Understanding Random Forest Classification and Its Effectiveness

why random forests and ensemble methods are the underrated heroes of machine learning

Experiments
Machine Learning
Published

March 7, 2024

A Random Forest is a versatile and robust machine learning algorithm used for both classification and regression tasks. It builds upon the concept of decision trees, but improves on their accuracy and overcomes their tendency to overfit by combining the predictions of numerous decision trees constructed on different subsets of the data. We have already experimented with a Random Tree regressor, and in this experiment, we will focus on Random Forest classification.
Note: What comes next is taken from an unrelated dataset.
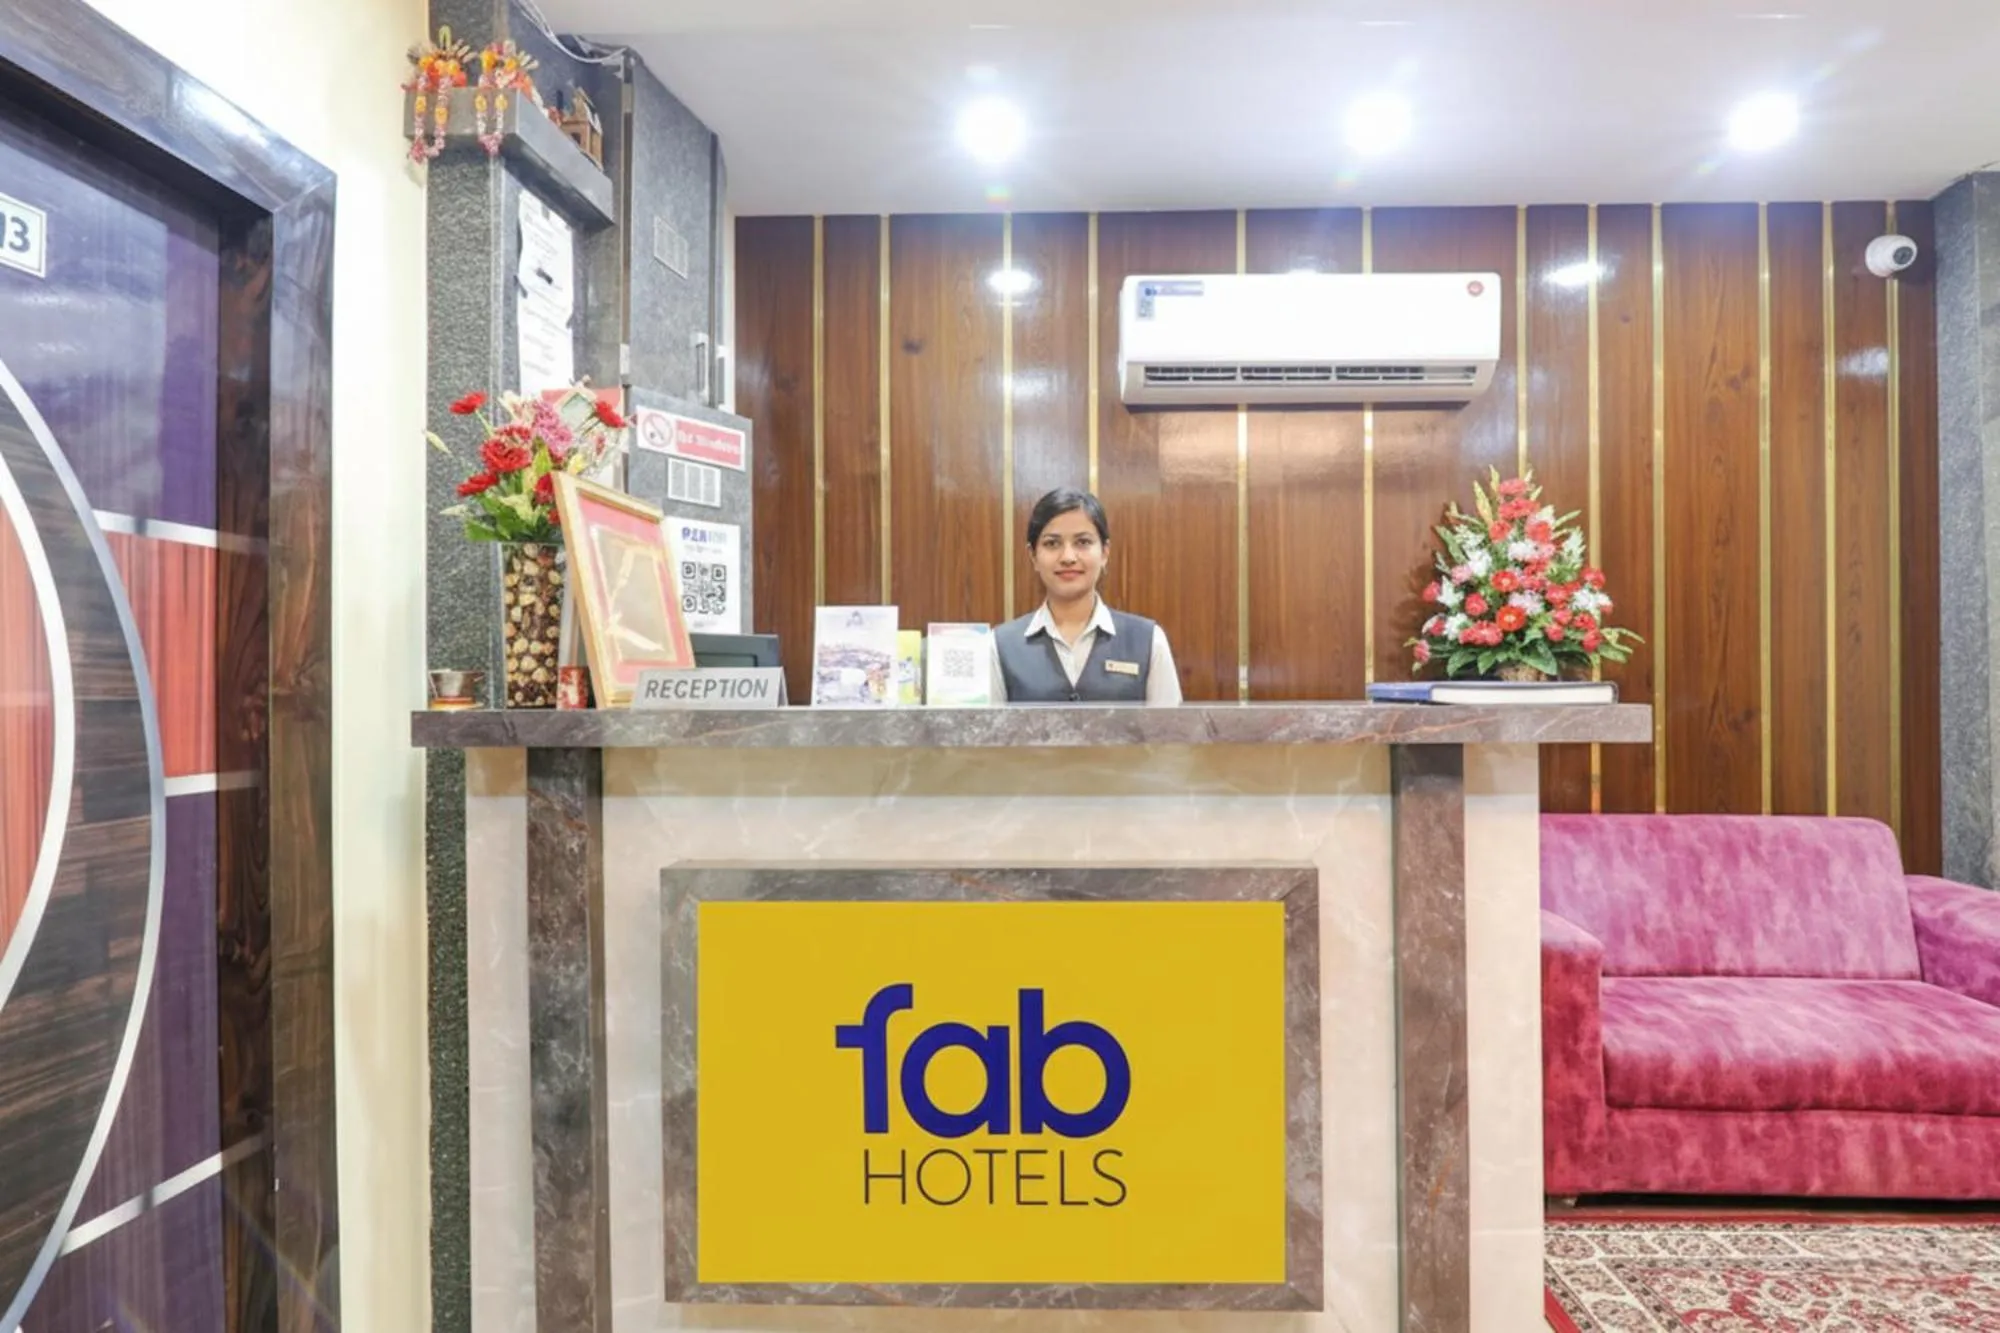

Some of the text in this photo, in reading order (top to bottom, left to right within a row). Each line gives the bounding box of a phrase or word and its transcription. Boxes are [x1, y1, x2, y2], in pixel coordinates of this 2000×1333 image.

[645, 678, 769, 698] RECEPTION
[835, 983, 1131, 1138] fab
[864, 1149, 1126, 1207] HOTELS
What are Random Forest models ?

A Random Forest operates by constructing a multitude of decision trees at training time and outputting the class that is the mode of the classes (classification) of the individual trees. It is termed as “Random” because of its ability to develop trees based on random subsets of features and data points, which ensures model variance and generally results in a more robust overall prediction.
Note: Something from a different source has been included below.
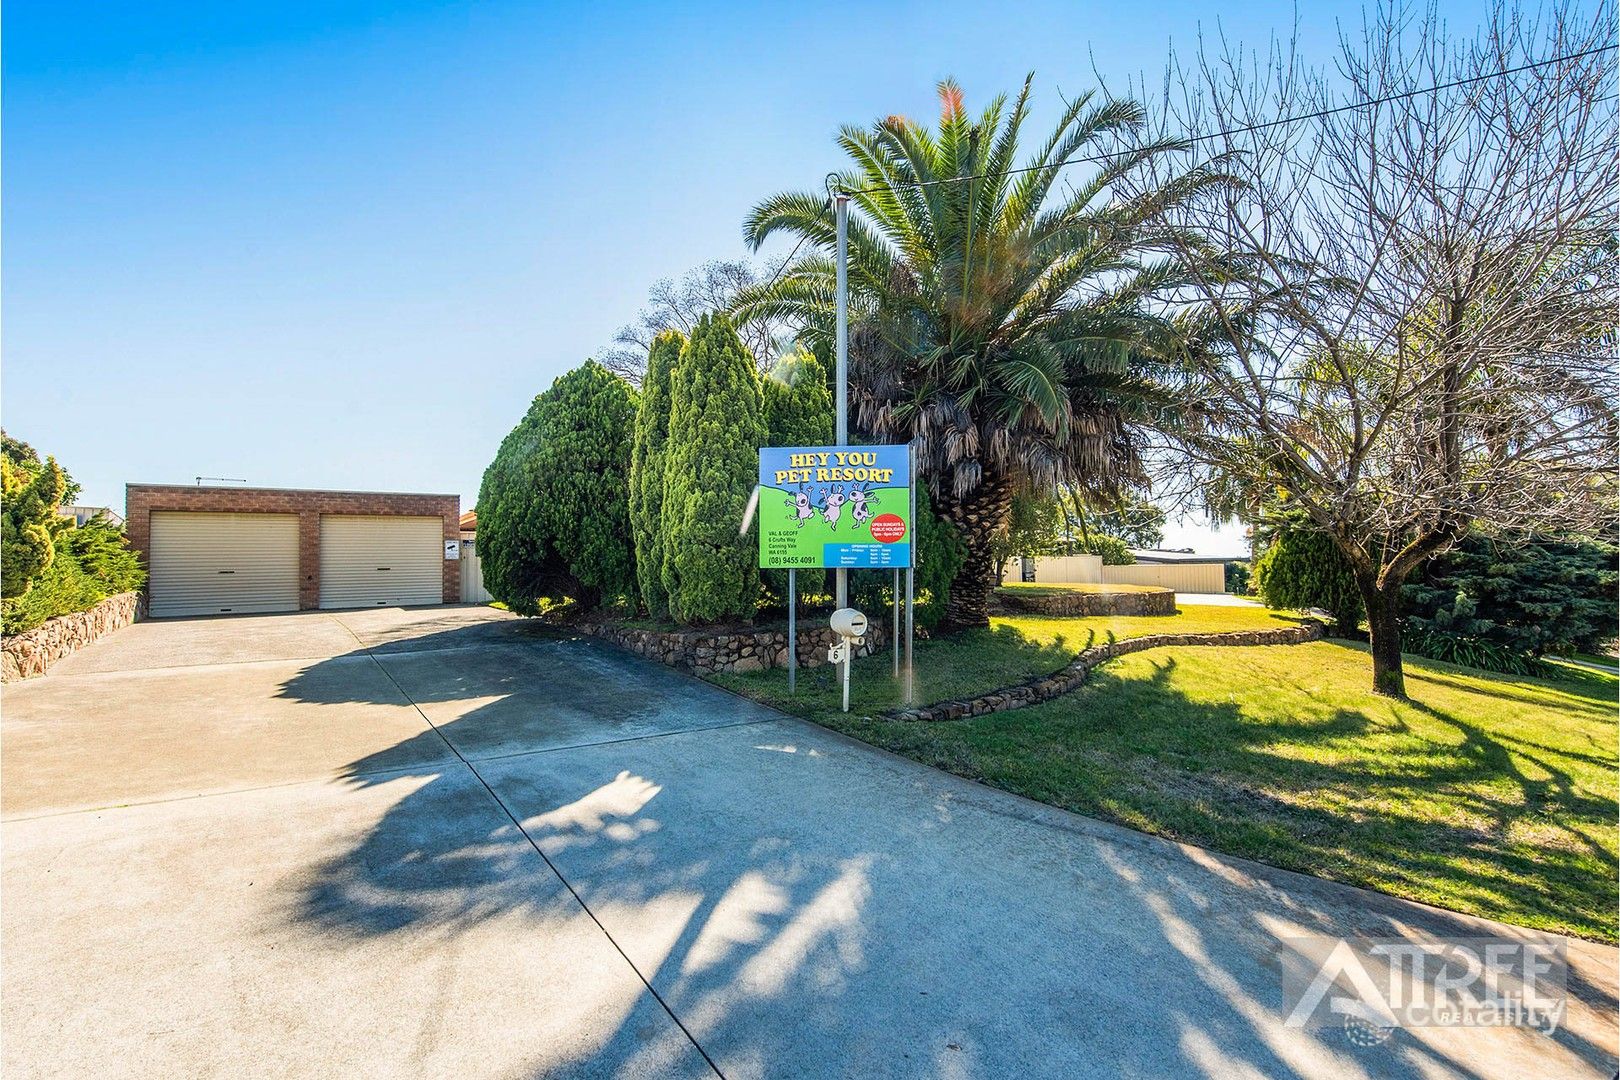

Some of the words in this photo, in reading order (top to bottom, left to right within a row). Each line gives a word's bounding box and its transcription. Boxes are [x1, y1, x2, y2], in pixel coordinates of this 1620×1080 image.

Random Forest have the following key characteristics:

  • Robustness: A Random Forest is less likely to overfit than decision trees, because they average multiple trees to give a more accurate prediction.
  • Handling of Unbalanced Data: It can handle unbalanced data from both binary and multiclass classification problems effectively.
  • Feature Importance: It provides insights into which features are most important for the prediction.
  • Explainability: A Random Forest provides good explainability, and isn’t a black box.

The mechanics of the algorithm

The Random Forest algorithm follows these steps:

  1. Bootstrap Aggregating (Bagging): Random subsets of the data are created for training each tree, sampled with replacement.
  2. Random Feature Selection: When splitting nodes during the formation of trees, only a random subset of features are considered.
  3. Building Trees: Each subset is used to train a decision tree. Trees grow to their maximum length and are not pruned.
  4. Aggregation: For classification tasks, the mode of all tree outputs is considered for the final output.

Random Forest typically outperform single decision trees due to their reduced variance without increasing bias. This means they are less likely to fit noise in the training data, making them significantly more accurate. They are also effective in scenarios where the feature space is large, and robust against overfitting which is a common issue in complex models.

Effectiveness

Since their inception, it has been shown that Random Forest is highly effective for a wide range of problems. It is particularly known for their effectiveness in:

  • Handling large data sets with higher dimensionality. They can handle thousands of input variables without variable deletion.
  • Maintaining accuracy even when a large proportion of the data is missing.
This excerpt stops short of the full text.